Libri and Games | Agatha Christie e The Adventure Company


Bisogna ammetterlo: noi appassionati di videogiochi d'avventura (adventure, avventura grafica o avventura punta-e-clicca che dir si voglia), spesso restiamo delusi dalla trama dei giochi. Ma che dire se questa fosse scritta da una dei più grandi giallisti della storia, qualcuno come Agatha Christie?

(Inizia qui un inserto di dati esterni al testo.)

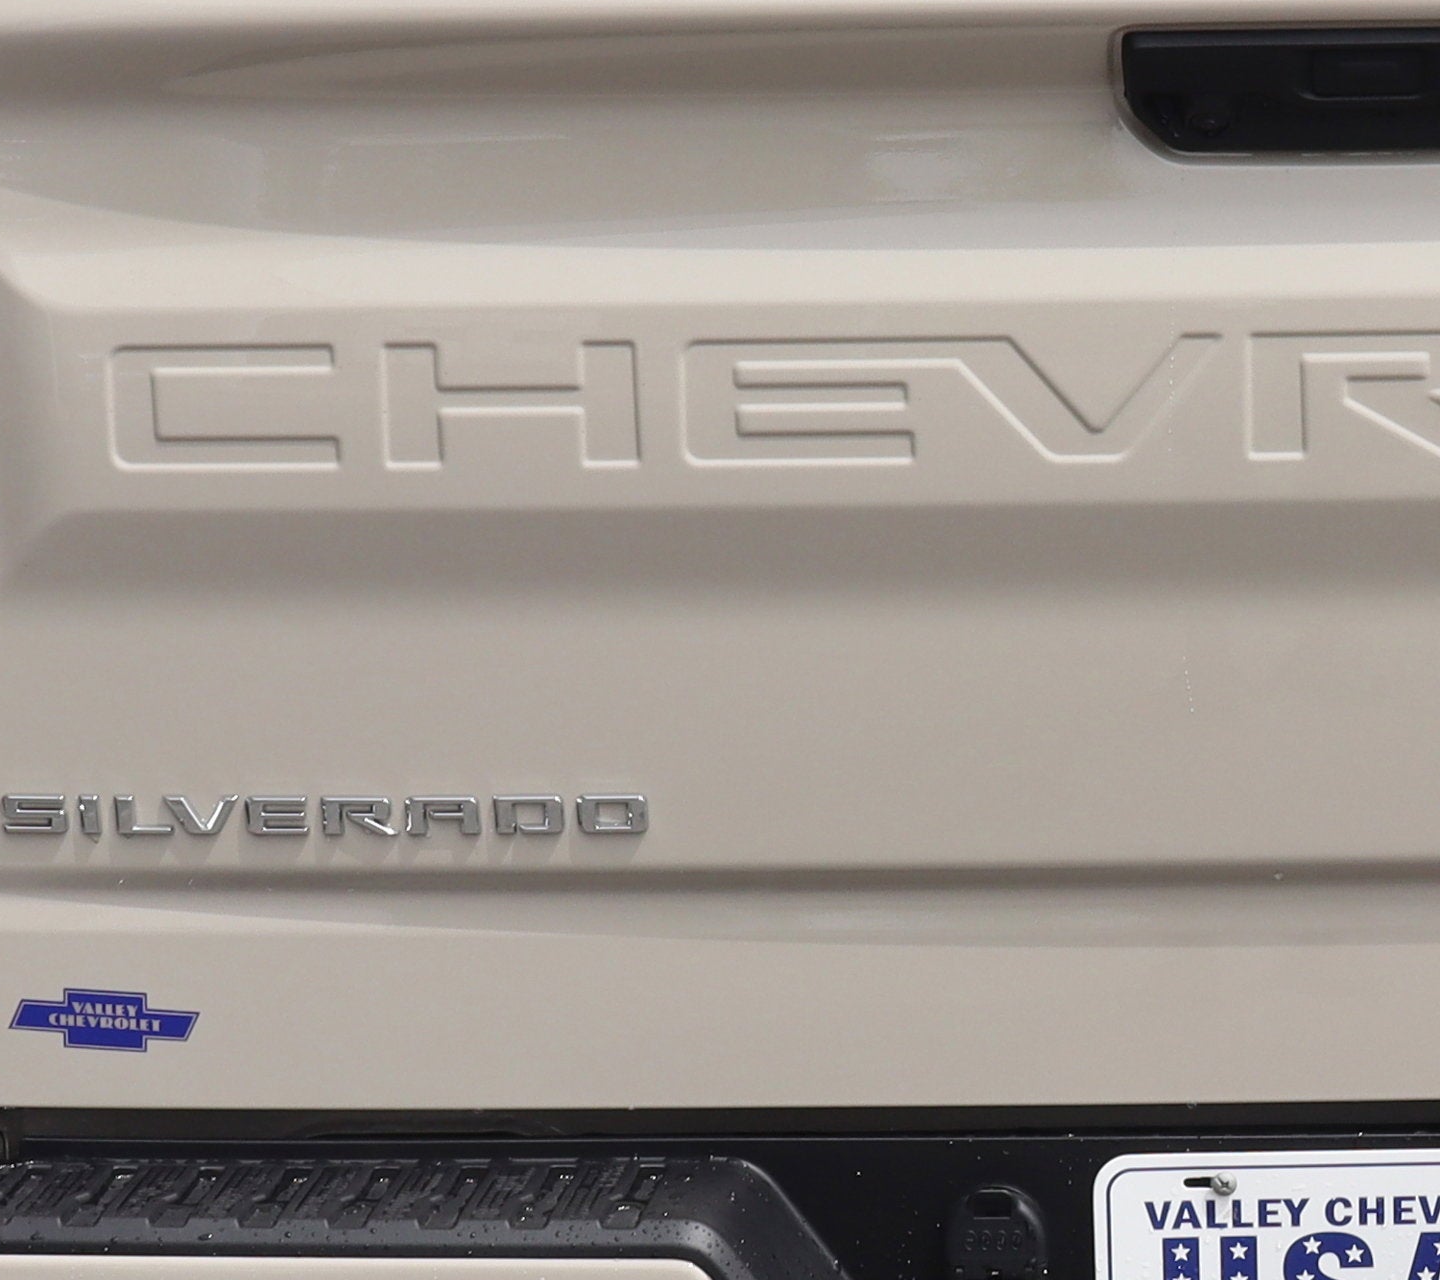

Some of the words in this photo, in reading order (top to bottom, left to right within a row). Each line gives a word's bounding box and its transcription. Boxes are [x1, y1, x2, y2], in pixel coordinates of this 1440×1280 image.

[0, 794, 649, 837] SILVERADO
[48, 1012, 163, 1033] CHEVROLET
[70, 1001, 139, 1018] VALLEY
[1144, 1197, 1311, 1231] VALLEY

Probabilmente hanno pensato questo quelli della compagnia videoludica “The Adventure Company”, divisione specializzata in giochi di avventura (ricordo tra gli altri “Sam & Max”, “Secret Files” e “The black mirror”) della canadese DreamCatcher Interactive. E così sono nati ben cinque videogiochi per varie piattaforme tratte da altrettanti romanzi (“Dieci Piccoli indiani”, “Corpi al Sole”, “Assassinio sull'Orient Express”, “Assassinio sul Nilo” e “Il pericolo senza nome”).

Questi giochi sono caratterizzati da una buona fedeltà alla trama del romanzo, con opportuni cambiamenti per migliorare la giocabilità e dare imprevedibilità al gameplay: non vorrete cominciare un giallo, sapendo già come evolverà l'indagine ed addirittura chi è l'assassino, vero?

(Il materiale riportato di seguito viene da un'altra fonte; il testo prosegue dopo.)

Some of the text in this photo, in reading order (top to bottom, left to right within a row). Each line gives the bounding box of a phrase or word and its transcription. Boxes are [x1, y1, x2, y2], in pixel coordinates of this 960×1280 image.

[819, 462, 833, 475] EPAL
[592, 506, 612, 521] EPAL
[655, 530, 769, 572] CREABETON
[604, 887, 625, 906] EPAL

Lo scopo del gioco infatti è quello di impersonare l'investigatore di turno ed esplorare la scena del crimine e, più in generale, le ambientazioni del romanzo, cercando indizi, prove e testimonianze. Come in tutte le avventure punta-e-clicca, dovrete risolvere piccoli enigmi, che vanno dalle strane combinazioni di oggetti apparentemente slegati tra loro per ottenere prove ed utensili, alla risoluzione di veri e propri rompicapo.

La visuale è rigorosamente in terza persona e devo dire che, se ciò da un lato aiuta nella visione d'insieme degli ambienti, dall'altro tende a creare in questi ultimi dei punti morti. Unico vero appunto alla saga è la grafica, decisamente spartana, soprattutto considerando che il basso livello di interazione col gioco consentirebbe un maggior impiego delle risorse per la qualità del suono e delle immagini, quasi d'obbligo in un gioco di impostazione “cinematografica”.

La longevità del gioco è abbastanza alta alla prima partita, mentre alle successive, a patto di avere discreta memoria, è decisamente bassa, non essendo previsti quesiti opzionali o bonus extra da cercare.

Tutto sommato qualche buona ora di gioco.